= Harsha V. Dehejia =

Indo-Canadian allergologist, author and radio host

Harsha Venilal Dehejia (born 1938) is an Indo-Canadian allergologist, author, and radio host, and Professor of Indian Studies at Carleton University. He was the winner of the 2003 Raja Rao Award for Literature for outstanding contributions to the literature and culture of the South Asian Diaspora, and the host of the radio show An Indian Morning for over 40 years.

==Earlier career==
Born and raised in Malabar Hill, South Mumbai, Dehejia received his medical doctorate from Bombay University, "with six gold medals", and then studied allergy and respiratory diseases at Cambridge University. He moved to Canada, where he began practicing medicine in Ottawa around 1968.

In 1975, Dehejia helped the radio station CKCU-FM obtain its first broadcast license, and began hosting the radio show An Indian Morning that November. In 1976, he wrote "a pocket-book sized manual entitled I Can Cope With Allergy", and in 1980, he published The Allergy Book. In a 1984 news piece, he noted his displeasure with "all the myths surrounding allergies," noting that people often misuse the term to refer to normal responses to toxins, when an allergy is defined as an abnormal response to substances harmless to most. Dehejia continued to engage in numerous civic and cultural activities as well, with The Ottawa Citizen noting in 2003:

Although he is a leading allergist in Ottawa, Dr.
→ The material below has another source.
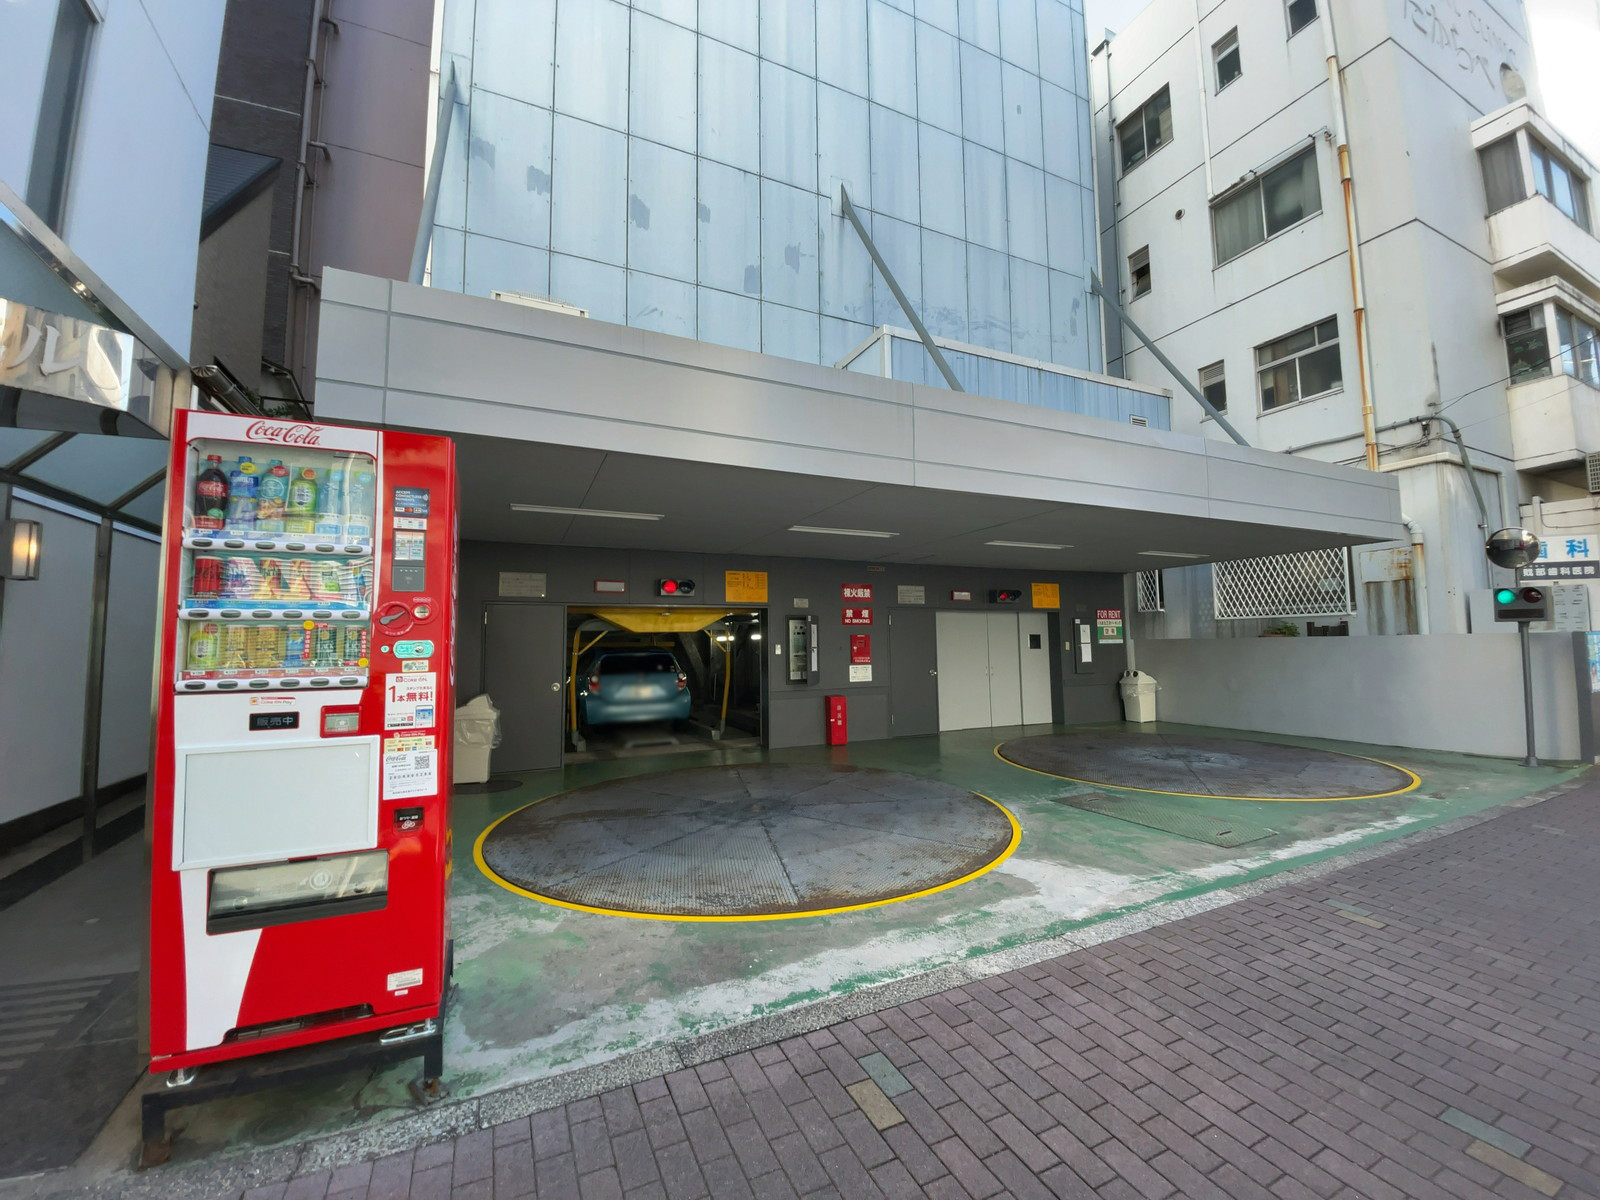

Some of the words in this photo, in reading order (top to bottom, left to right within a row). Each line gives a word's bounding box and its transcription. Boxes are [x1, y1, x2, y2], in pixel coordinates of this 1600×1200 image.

[246, 420, 324, 446] Coca-Cola
[1097, 610, 1108, 619] FOR
[1108, 610, 1121, 619] RENT
Dehejia has found time to write books about the poetry and painting and gods of India, host a radio program, An Indian Morning, and teach a course at Carleton University on Hinduism and Classical Indian intellectual traditions.

By that year, Dehehjia was regularly travelling to India, working towards earning his PhD in religion from the University of Bombay, and participating in seminars. Dehejia was also presented with the 2003 Raja Rao Award for Literature for his outstanding contributions to the literature and culture of the South Asian Diaspora. In 2008, Dehejia was one of the five recipients of a recognition for community leadership by the Indo-Canada Ottawa Business Chamber.
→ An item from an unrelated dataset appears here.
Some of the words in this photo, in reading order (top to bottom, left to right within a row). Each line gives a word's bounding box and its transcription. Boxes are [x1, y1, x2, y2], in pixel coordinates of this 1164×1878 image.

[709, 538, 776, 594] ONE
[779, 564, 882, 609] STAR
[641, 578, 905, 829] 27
==Later writing and activities==
In 2014, Dehejia published his only work of fiction, the novel Parul: A Love Story, a story of a man who slowly surrenders his conviction in the principle of Maya, that the world is an illusion. The protagonist experiences romance with a beautiful and sensual woman who induces him to accept the reality of the beauty of things in the world. In 2015, he celebrated the 40th year of his radio show, An Indian Morning, the only show to have been broadcast continuously on CKCU-FM for that length of time.
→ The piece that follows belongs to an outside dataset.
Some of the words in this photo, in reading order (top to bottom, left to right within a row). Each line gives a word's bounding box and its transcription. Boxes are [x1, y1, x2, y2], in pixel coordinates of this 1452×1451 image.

In 2017, Dehejia published Walk With Me On Mumbai Footpaths, recounting discoveries encountered while walking in Mumbai. The following year, he published Radhayan, which "explores the many stories that feature Radha," a Hindu goddess. Dehejia "spent over two years researching and writing" for this book. In 2019, Dehejia further explored this mythos with his chapter, “The heart-throb of Chaitanya” in the book Finding Radha: The Quest for Love, and in an edited collection, Radha: From Gopi to Goddess.

==Personal life==
Dehejia's son, Vivek Harsha Dehejia, is also a professor at Carleton University, teaching in the areas of philosophy and economics.